Cuando el Indio Amarillo amenazaba tomar la vecina ciudad de Salto en 1853

Este es un episodio que ha sido contado de distintas maneras y por diferentes autores pero fue un suceso que sin ninguna duda existió.

El comienzo de este suceso se inicia en Montevideo cuando el presidente Juan Francisco Giró, aliado del Gral. Urquiza, comienza a ser presionado por el sector unitario (Venancio Flores, Fructuoso Rivera), como continuación de los sucesos en Buenos Aires del 11 de septiembre de 1852. El presidente Giró intentó formar la Guardia Nacional, pero no pudo hacerlo y se vio obligado a renunciar al cargo y de inmediato sustituido por Venancio Flores como presidente acompañado por Fructuoso Rivera y Juan Antonio Lavalleja, quien falleció muy poco después, el 22 de octubre de 1853. Este triunvirato ocupó el Poder Ejecutivo y la Comandancia General del Ejército de Campaña. Juan Carlos Gómez asumió el Ministerio de Gobierno en lugar de Bernardo Berro. Sin embargo ya desde julio se sucedieron noticias de levantamientos armados en los distintos departamentos. Juan Francisco Giró solicitó asilo en la legación francesa.

Ese acontecimiento tuvo honda repercusión en casi todos los departamentos, especialmente Tacuarembó, Paysandú y Salto.

Ante el cambio de gobierno, se produjo también la remoción de varios jefes cercanos al depuesto presidente, entre ellos el de Salto, Bernardino Alcain. Tomás Gomensoro asumió en su lugar el 8 de octubre como intendente provisorio. Mientras tanto, llegaron noticias a Salto de que el capitán Javier Amarillo estaba en las cercanías de Salto con intenciones de tomar posesión de la ciudad. El capitán Amarillo se había hecho conocer por su campamento en los montes de Mataojo sobre el arroyo Solís y desde allí sorprendía partidas sueltas de contrarios a los que sorprendía con sus hombres. Javier Amarillo era originario del Departamento de Soriano.
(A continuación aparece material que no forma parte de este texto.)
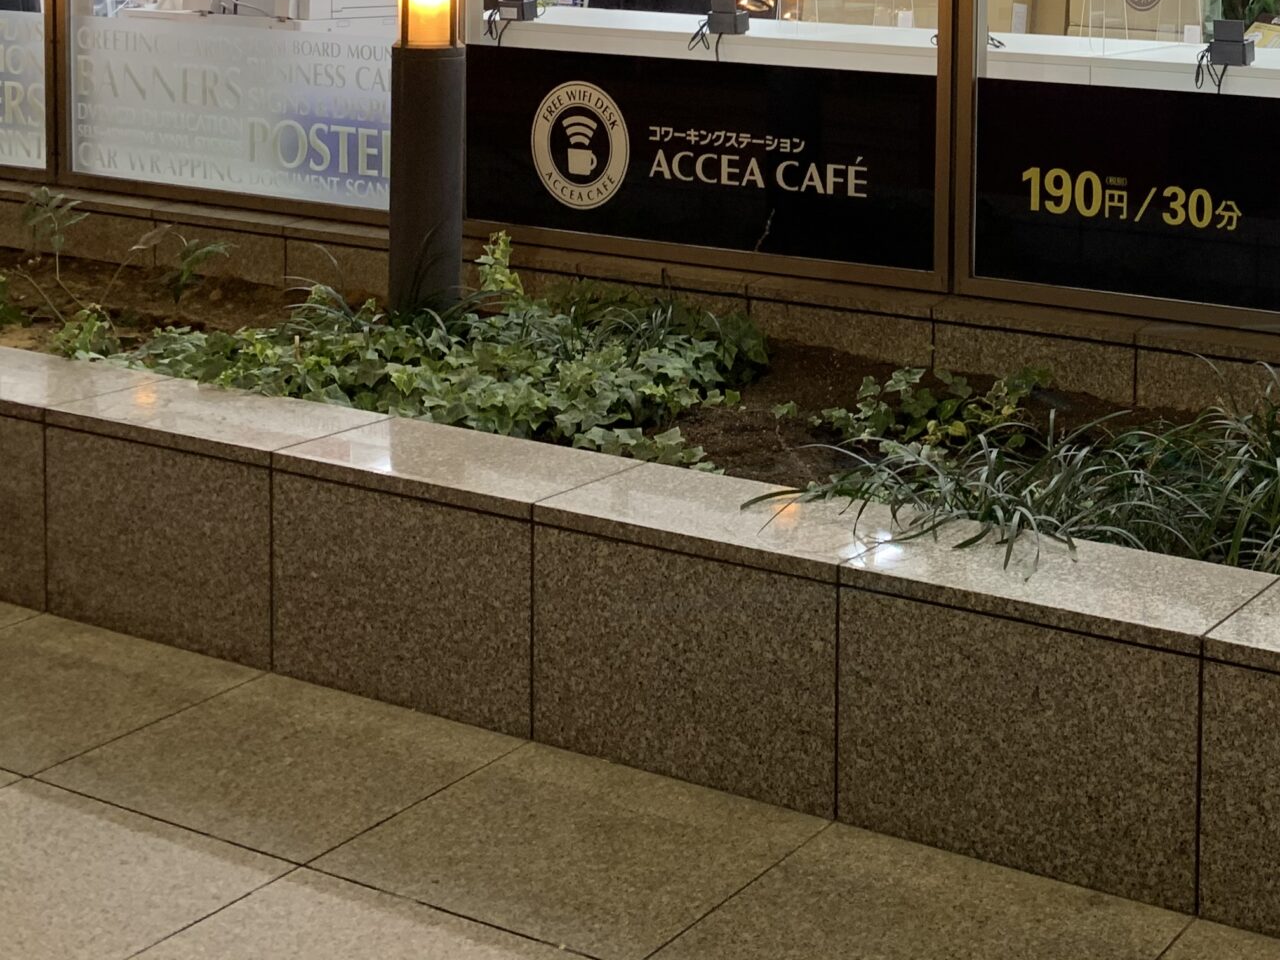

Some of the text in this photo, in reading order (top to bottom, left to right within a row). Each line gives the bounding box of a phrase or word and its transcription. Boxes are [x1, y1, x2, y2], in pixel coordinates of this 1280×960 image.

La indefensión de Salto ante esa amenaza era considerable ya que carecía de una fuerza militar para su resguardo, salvo la fuerza policial que contaba con escasos 30 o 40 efectivos mal armados al mando del comisario Marcos Salvatella. Con el agravante que hacía 9 meses que no cobraban sus salarios y los sueldos eran pagados por un grupo de comerciantes. Esa era precisamente la preocupación de Gomensoro, ya que esta situación determinaba que las fuerzas policiales respondieran a los comerciantes y no a las autoridades.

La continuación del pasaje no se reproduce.